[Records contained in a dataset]

* * * * * * * * *

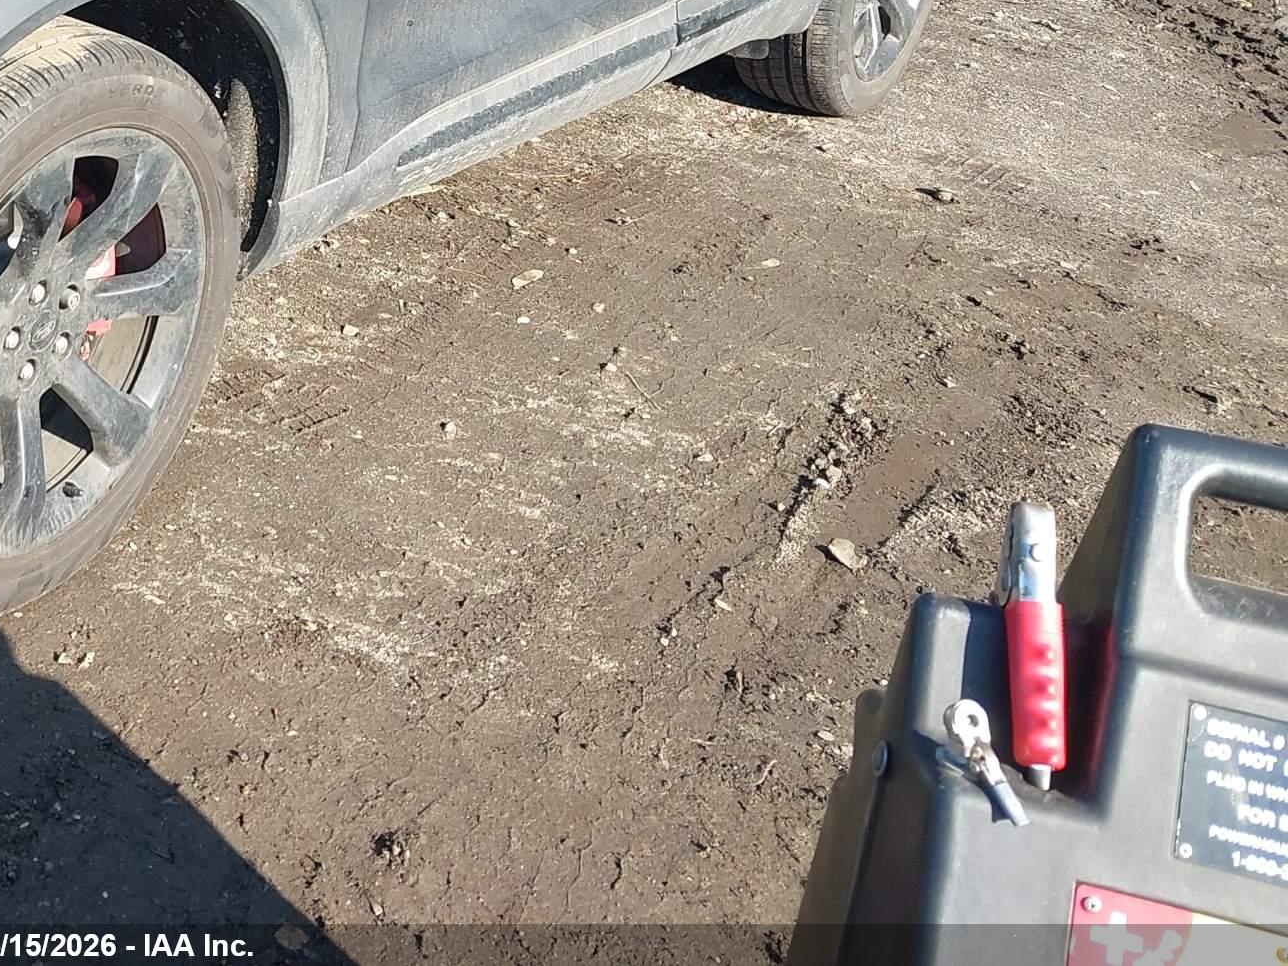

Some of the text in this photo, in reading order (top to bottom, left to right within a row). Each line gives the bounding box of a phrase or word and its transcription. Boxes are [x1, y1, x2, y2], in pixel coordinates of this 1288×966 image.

[1204, 740, 1232, 761] DO
[1238, 748, 1278, 772] NOT
[1237, 804, 1276, 828] FOR
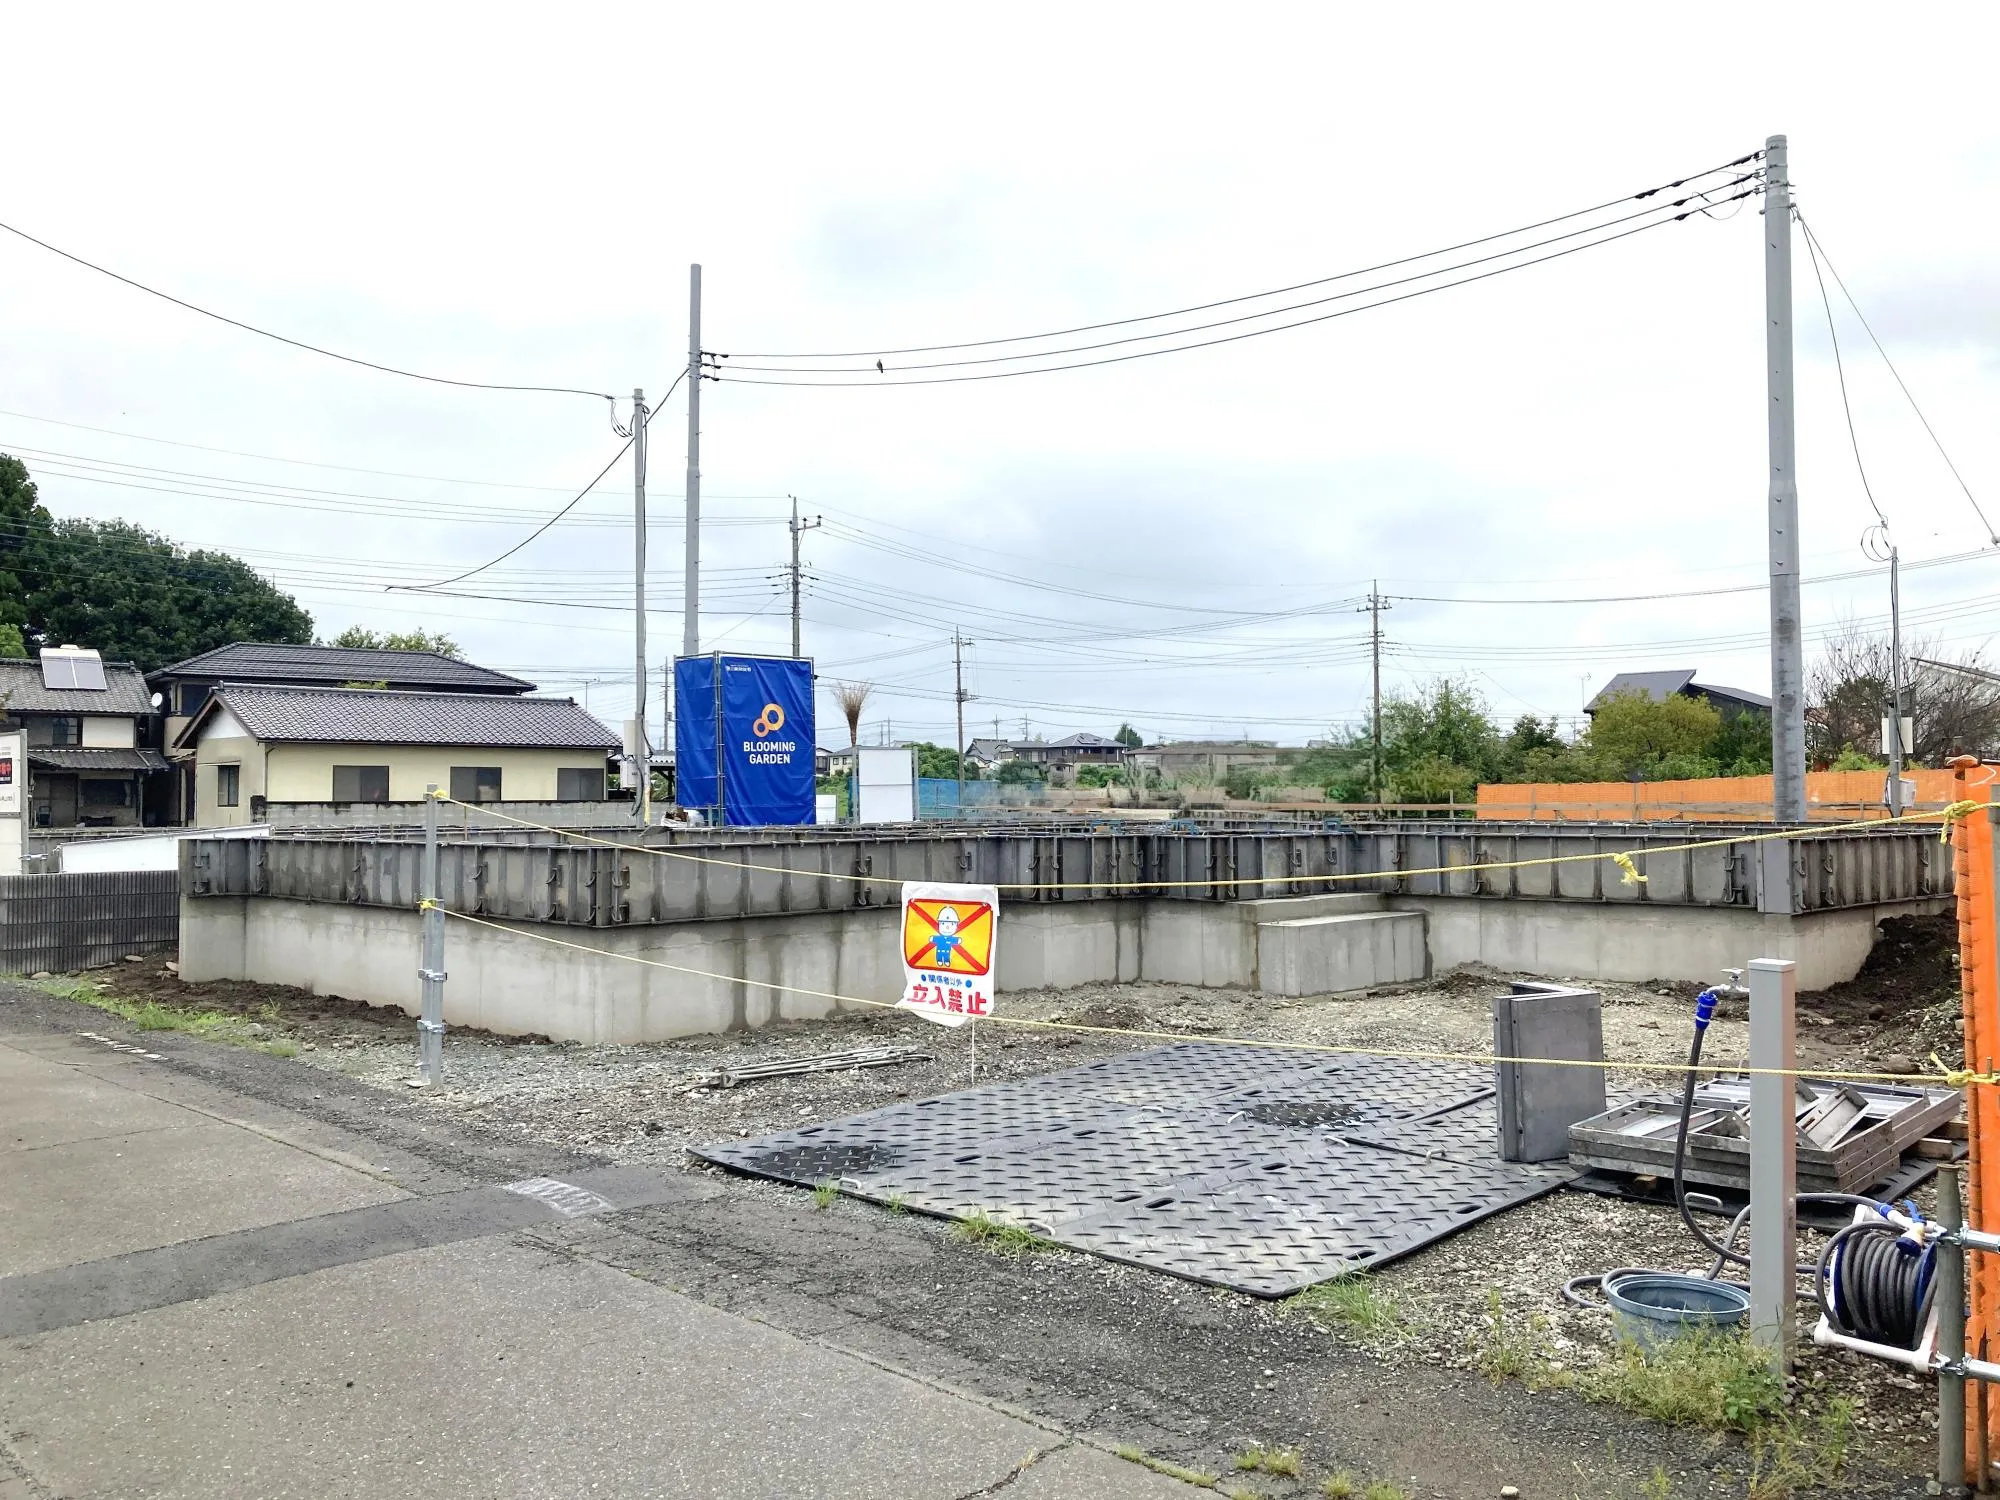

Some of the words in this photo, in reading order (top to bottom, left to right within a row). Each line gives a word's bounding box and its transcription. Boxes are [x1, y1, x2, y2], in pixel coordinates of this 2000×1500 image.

[743, 741, 796, 752] BLOOMING
[749, 753, 791, 764] GARDEN
[907, 983, 987, 1015] 立入禁止

* * * * * * * * *

■ Work required ■
Retype the whole of the data verbatim. Skip every picture.

■ Reply ■
Some of the text in this photo, in reading order (top to bottom, left to right within a row). Each line gives the bounding box of a phrase or word and its transcription. Boxes are [x1, y1, x2, y2], in pixel coordinates of this 1288×966 image.

[1204, 740, 1232, 761] DO
[1238, 748, 1278, 772] NOT
[1237, 804, 1276, 828] FOR

Some of the words in this photo, in reading order (top to bottom, left to right within a row). Each line gives a word's bounding box and its transcription. Boxes are [x1, y1, x2, y2], in pixel coordinates of this 2000×1500 image.

[743, 741, 796, 752] BLOOMING
[749, 753, 791, 764] GARDEN
[907, 983, 987, 1015] 立入禁止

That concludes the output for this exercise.